Contrôle des armes: Barack Obama veut des propositions concrètes dès janvier

Le président Barack Obama a demandé mercredi à une équipe dirigée par son vice-président Joe Biden de présenter des «propositions concrètes» dès le mois de janvier pour freiner la violence causée par les armes à feu, dans la foulée du massacre de la semaine dernière dans une école primaire du Connecticut.

Le président a adopté une position ferme sur ce dossier politiquement explosif, après être resté silencieux sur les armes à feu pendant les quatre années de son premier mandat. Mais le débat sur le contrôle des armes à feu aux États-Unis a pris un nouveau ton depuis vendredi dernier, quand un jeune homme armé a tué 20 enfants et six adultes dans une école après avoir tué sa mère chez elle. Il a ensuite retourné son arme contre lui.

«Cette fois-ci, les mots doivent mener à l’action», a dit M. Obama lors d’une allocution à la Maison-Blanche. Il a déclaré qu’il ferait pression pour qu’une nouvelle loi sur les armes à feu soit adoptée «sans délai» et a pressé le Congrès d’organiser un vote sur le projet de loi l’année prochaine.

«Le fait qu’il s’agisse d’un problème complexe ne peut plus être une excuse pour ne rien faire», a affirmé le président. «Le fait de ne pouvoir empêcher tous les actes de violence ne signifie pas que nous ne puissions pas diminuer la violence progressivement.»

Le président a cité le nom de huit personnes qui ont été tuées par des armes à feu à travers les États-Unis depuis la fusillade de vendredi au Connecticut.

M. Obama a demandé au Congrès de rétablir le moratoire sur les fusils d’assaut qui a expiré en 2004. Il a appelé à des vérifications d’antécédents plus strictes pour ceux qui veulent acheter des armes et à la limitation de la capacité des chargeurs.

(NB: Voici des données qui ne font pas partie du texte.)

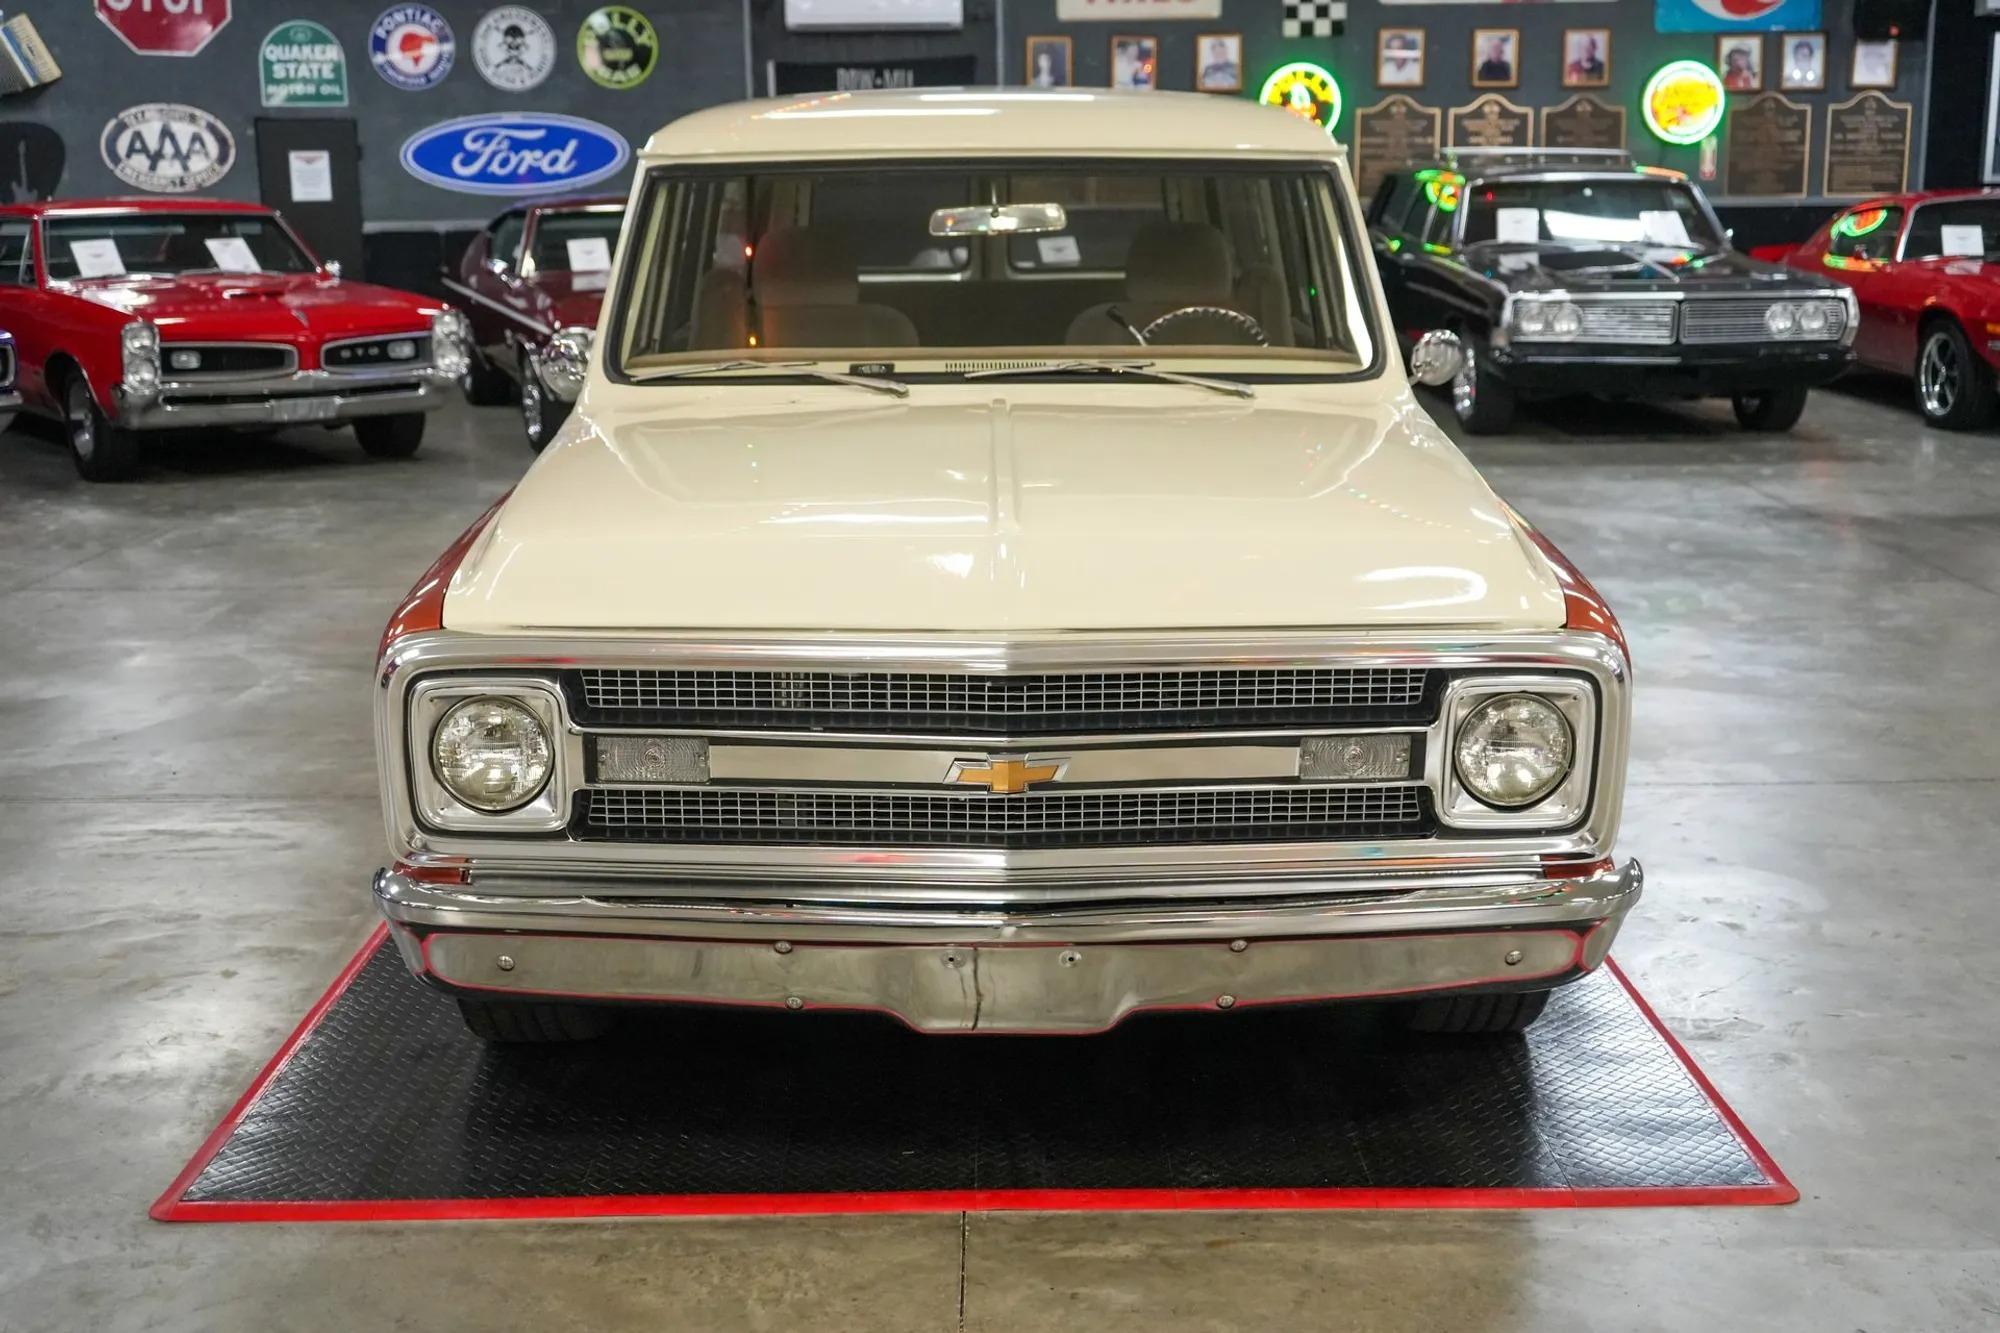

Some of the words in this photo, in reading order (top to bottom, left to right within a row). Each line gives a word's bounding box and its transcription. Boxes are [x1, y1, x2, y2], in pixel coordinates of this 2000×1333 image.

Le vice-président Joe Biden, qui dispose de plusieurs décennies d’expérience au Sénat et qui milite depuis longtemps pour le contrôle des armes, dirigera l’équipe mandatée par le président, qui comprendra des membres de l’administration et d’autres groupes.

Dans les jours ayant suivi la tuerie au Connecticut, Barack Obama avait promis d’utiliser «tous ses pouvoirs» pour protéger les enfants américains contre la violence causée par les armes à feu. Les funérailles des victimes se sont poursuivies mercredi à Newtown, de même qu’une veillée funèbre pour la directrice de l’école, très appréciée dans sa communauté.

La fusillade a poussé plusieurs élus favorables aux armes à feu à envisager de nouvelles lois pour contrôler les armes. L’administration Obama et d’autres responsables craignent que leur volonté ne s’amenuise au fil du temps et veulent profiter de l’impulsion provoquée par le massacre pour agir.

La NRA s'exprime

La National Rifle Association (NRA), le plus puissant lobby des armes aux États-Unis, a mis fin à son silence mardi, quatre jours après la fusillade. Dans un communiqué, l’organisation a promis d’«aider à s’assurer que cela n’arrive plus jamais» et a convoqué une conférence de presse vendredi.

Barack Obama a mis la NRA au défi de participer à ses efforts pour réduire la violence causée par les armes. «Espérons qu’ils feront un peu d’introspection», a lancé le président.

Alors que la NRA promet des «contributions significatives» et que le président promet des «gestes significatifs», le défi est maintenant de transformer les mots en actions.

Jusqu’à maintenant, les idées évoquées vont de l’interdiction d’acheter plus d’une arme par personne à celle d’armer tous les enseignants du pays.

Le défi sera également de trouver le bon équilibre tout en protégeant le deuxième amendement de la Constitution, qui garantit le droit individuel des Américains de porter des armes. Environ le tiers des foyers américains possèdent une arme, et plusieurs Américains sont méfiants face à toute volonté du gouvernement fédéral d’étendre son autorité sur les citoyens.

Plusieurs élus favorables aux armes ont aussi appelé à réfléchir aux questions de santé mentale et à l’impact des divertissements violents, comme les jeux vidéo. Le président Obama souhaite lui aussi une approche holistique et ses collaborateurs ont souligné que le renforcement des lois sur les armes n’était pas une panacée.

M. Obama a déclaré mercredi que les États-Unis devaient rendre les soins de santé mentale aussi accessibles que les armes à feu.